# EXERCISE PROMPT
Please restate every record below word for word.

(Data records)
------------------------

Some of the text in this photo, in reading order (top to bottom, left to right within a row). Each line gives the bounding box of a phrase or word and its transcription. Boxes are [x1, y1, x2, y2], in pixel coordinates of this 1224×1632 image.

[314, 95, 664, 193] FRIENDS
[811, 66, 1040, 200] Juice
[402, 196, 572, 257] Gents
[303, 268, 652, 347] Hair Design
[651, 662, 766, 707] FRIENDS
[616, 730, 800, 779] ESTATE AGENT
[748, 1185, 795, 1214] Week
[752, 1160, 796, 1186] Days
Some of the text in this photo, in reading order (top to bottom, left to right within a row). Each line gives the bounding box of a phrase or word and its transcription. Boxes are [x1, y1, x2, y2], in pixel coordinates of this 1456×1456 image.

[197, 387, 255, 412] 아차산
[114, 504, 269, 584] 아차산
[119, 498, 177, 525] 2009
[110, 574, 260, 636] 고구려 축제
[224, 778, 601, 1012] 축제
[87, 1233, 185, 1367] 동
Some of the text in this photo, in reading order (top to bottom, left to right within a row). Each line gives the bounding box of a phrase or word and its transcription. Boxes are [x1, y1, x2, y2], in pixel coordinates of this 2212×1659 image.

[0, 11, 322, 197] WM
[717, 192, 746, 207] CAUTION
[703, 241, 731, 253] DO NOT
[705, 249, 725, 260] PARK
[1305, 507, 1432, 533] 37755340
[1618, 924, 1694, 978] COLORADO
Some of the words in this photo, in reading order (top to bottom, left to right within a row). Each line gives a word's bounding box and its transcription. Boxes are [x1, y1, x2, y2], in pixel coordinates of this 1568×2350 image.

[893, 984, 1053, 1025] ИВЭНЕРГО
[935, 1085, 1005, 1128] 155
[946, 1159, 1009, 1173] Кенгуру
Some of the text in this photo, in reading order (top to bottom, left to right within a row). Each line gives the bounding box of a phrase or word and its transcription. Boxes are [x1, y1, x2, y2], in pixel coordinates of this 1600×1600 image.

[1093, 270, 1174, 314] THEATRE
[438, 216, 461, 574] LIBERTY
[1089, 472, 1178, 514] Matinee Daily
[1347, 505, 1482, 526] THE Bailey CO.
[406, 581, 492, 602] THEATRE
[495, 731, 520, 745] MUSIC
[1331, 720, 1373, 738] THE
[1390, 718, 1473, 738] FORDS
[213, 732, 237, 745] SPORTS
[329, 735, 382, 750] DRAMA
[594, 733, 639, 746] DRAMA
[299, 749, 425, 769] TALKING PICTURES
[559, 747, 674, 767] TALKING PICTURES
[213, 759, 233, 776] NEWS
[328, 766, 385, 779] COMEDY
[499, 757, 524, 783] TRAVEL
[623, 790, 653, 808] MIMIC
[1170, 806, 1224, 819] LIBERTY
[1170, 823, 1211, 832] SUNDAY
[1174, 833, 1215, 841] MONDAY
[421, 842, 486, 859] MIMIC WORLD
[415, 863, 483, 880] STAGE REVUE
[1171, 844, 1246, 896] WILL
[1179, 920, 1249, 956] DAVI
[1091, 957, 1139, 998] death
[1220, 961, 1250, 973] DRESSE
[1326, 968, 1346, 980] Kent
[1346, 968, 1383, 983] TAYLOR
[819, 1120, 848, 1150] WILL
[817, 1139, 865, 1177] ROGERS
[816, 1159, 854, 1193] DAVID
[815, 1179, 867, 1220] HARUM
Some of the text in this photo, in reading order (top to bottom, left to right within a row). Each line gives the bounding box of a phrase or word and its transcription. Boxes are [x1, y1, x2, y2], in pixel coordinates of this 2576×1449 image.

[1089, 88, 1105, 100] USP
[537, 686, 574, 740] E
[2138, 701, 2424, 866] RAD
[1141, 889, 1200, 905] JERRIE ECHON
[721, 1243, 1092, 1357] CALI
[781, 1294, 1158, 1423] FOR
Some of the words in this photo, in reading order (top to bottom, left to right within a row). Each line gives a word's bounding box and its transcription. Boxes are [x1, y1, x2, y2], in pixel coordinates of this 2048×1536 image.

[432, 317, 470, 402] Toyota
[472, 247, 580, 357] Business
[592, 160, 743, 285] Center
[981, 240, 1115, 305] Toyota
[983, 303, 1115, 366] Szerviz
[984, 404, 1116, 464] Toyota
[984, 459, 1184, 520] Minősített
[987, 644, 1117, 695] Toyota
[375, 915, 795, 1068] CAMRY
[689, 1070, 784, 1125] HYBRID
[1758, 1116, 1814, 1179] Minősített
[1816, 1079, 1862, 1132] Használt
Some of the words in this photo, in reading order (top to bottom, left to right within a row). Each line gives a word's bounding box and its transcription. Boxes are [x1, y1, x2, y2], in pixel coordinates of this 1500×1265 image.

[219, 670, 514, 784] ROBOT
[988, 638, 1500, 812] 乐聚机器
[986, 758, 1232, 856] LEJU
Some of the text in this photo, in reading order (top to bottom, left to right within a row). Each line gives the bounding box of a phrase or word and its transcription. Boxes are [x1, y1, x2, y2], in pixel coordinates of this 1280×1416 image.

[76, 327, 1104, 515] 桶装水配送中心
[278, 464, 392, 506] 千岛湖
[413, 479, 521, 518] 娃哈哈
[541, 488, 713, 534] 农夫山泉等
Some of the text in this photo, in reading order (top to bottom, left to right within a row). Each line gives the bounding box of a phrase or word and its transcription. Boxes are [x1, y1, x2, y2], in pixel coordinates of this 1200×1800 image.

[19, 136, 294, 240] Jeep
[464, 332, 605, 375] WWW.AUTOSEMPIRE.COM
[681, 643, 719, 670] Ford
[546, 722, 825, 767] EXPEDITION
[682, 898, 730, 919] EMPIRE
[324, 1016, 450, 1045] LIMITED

------------------------

# ANSWER FOR THIS EXERCISE
Some of the text in this photo, in reading order (top to bottom, left to right within a row). Each line gives the bounding box of a phrase or word and its transcription. Boxes are [x1, y1, x2, y2], in pixel coordinates of this 1224×1632 image.

[314, 95, 664, 193] FRIENDS
[811, 66, 1040, 200] Juice
[402, 196, 572, 257] Gents
[303, 268, 652, 347] Hair Design
[651, 662, 766, 707] FRIENDS
[616, 730, 800, 779] ESTATE AGENT
[748, 1185, 795, 1214] Week
[752, 1160, 796, 1186] Days
Some of the text in this photo, in reading order (top to bottom, left to right within a row). Each line gives the bounding box of a phrase or word and its transcription. Boxes are [x1, y1, x2, y2], in pixel coordinates of this 1456×1456 image.

[197, 387, 255, 412] 아차산
[114, 504, 269, 584] 아차산
[119, 498, 177, 525] 2009
[110, 574, 260, 636] 고구려 축제
[224, 778, 601, 1012] 축제
[87, 1233, 185, 1367] 동
Some of the text in this photo, in reading order (top to bottom, left to right within a row). Each line gives the bounding box of a phrase or word and its transcription. Boxes are [x1, y1, x2, y2], in pixel coordinates of this 2212×1659 image.

[0, 11, 322, 197] WM
[717, 192, 746, 207] CAUTION
[703, 241, 731, 253] DO NOT
[705, 249, 725, 260] PARK
[1305, 507, 1432, 533] 37755340
[1618, 924, 1694, 978] COLORADO
Some of the words in this photo, in reading order (top to bottom, left to right within a row). Each line gives a word's bounding box and its transcription. Boxes are [x1, y1, x2, y2], in pixel coordinates of this 1568×2350 image.

[893, 984, 1053, 1025] ИВЭНЕРГО
[935, 1085, 1005, 1128] 155
[946, 1159, 1009, 1173] Кенгуру
Some of the text in this photo, in reading order (top to bottom, left to right within a row). Each line gives the bounding box of a phrase or word and its transcription. Boxes are [x1, y1, x2, y2], in pixel coordinates of this 1600×1600 image.

[1093, 270, 1174, 314] THEATRE
[438, 216, 461, 574] LIBERTY
[1089, 472, 1178, 514] Matinee Daily
[1347, 505, 1482, 526] THE Bailey CO.
[406, 581, 492, 602] THEATRE
[495, 731, 520, 745] MUSIC
[1331, 720, 1373, 738] THE
[1390, 718, 1473, 738] FORDS
[213, 732, 237, 745] SPORTS
[329, 735, 382, 750] DRAMA
[594, 733, 639, 746] DRAMA
[299, 749, 425, 769] TALKING PICTURES
[559, 747, 674, 767] TALKING PICTURES
[213, 759, 233, 776] NEWS
[328, 766, 385, 779] COMEDY
[499, 757, 524, 783] TRAVEL
[623, 790, 653, 808] MIMIC
[1170, 806, 1224, 819] LIBERTY
[1170, 823, 1211, 832] SUNDAY
[1174, 833, 1215, 841] MONDAY
[421, 842, 486, 859] MIMIC WORLD
[415, 863, 483, 880] STAGE REVUE
[1171, 844, 1246, 896] WILL
[1179, 920, 1249, 956] DAVI
[1091, 957, 1139, 998] death
[1220, 961, 1250, 973] DRESSE
[1326, 968, 1346, 980] Kent
[1346, 968, 1383, 983] TAYLOR
[819, 1120, 848, 1150] WILL
[817, 1139, 865, 1177] ROGERS
[816, 1159, 854, 1193] DAVID
[815, 1179, 867, 1220] HARUM
Some of the text in this photo, in reading order (top to bottom, left to right within a row). Each line gives the bounding box of a phrase or word and its transcription. Boxes are [x1, y1, x2, y2], in pixel coordinates of this 2576×1449 image.

[1089, 88, 1105, 100] USP
[537, 686, 574, 740] E
[2138, 701, 2424, 866] RAD
[1141, 889, 1200, 905] JERRIE ECHON
[721, 1243, 1092, 1357] CALI
[781, 1294, 1158, 1423] FOR
Some of the words in this photo, in reading order (top to bottom, left to right within a row). Each line gives a word's bounding box and its transcription. Boxes are [x1, y1, x2, y2], in pixel coordinates of this 2048×1536 image.

[432, 317, 470, 402] Toyota
[472, 247, 580, 357] Business
[592, 160, 743, 285] Center
[981, 240, 1115, 305] Toyota
[983, 303, 1115, 366] Szerviz
[984, 404, 1116, 464] Toyota
[984, 459, 1184, 520] Minősített
[987, 644, 1117, 695] Toyota
[375, 915, 795, 1068] CAMRY
[689, 1070, 784, 1125] HYBRID
[1758, 1116, 1814, 1179] Minősített
[1816, 1079, 1862, 1132] Használt
Some of the words in this photo, in reading order (top to bottom, left to right within a row). Each line gives a word's bounding box and its transcription. Boxes are [x1, y1, x2, y2], in pixel coordinates of this 1500×1265 image.

[219, 670, 514, 784] ROBOT
[988, 638, 1500, 812] 乐聚机器
[986, 758, 1232, 856] LEJU
Some of the text in this photo, in reading order (top to bottom, left to right within a row). Each line gives the bounding box of a phrase or word and its transcription. Boxes are [x1, y1, x2, y2], in pixel coordinates of this 1280×1416 image.

[76, 327, 1104, 515] 桶装水配送中心
[278, 464, 392, 506] 千岛湖
[413, 479, 521, 518] 娃哈哈
[541, 488, 713, 534] 农夫山泉等
Some of the text in this photo, in reading order (top to bottom, left to right within a row). Each line gives the bounding box of a phrase or word and its transcription. Boxes are [x1, y1, x2, y2], in pixel coordinates of this 1200×1800 image.

[19, 136, 294, 240] Jeep
[464, 332, 605, 375] WWW.AUTOSEMPIRE.COM
[681, 643, 719, 670] Ford
[546, 722, 825, 767] EXPEDITION
[682, 898, 730, 919] EMPIRE
[324, 1016, 450, 1045] LIMITED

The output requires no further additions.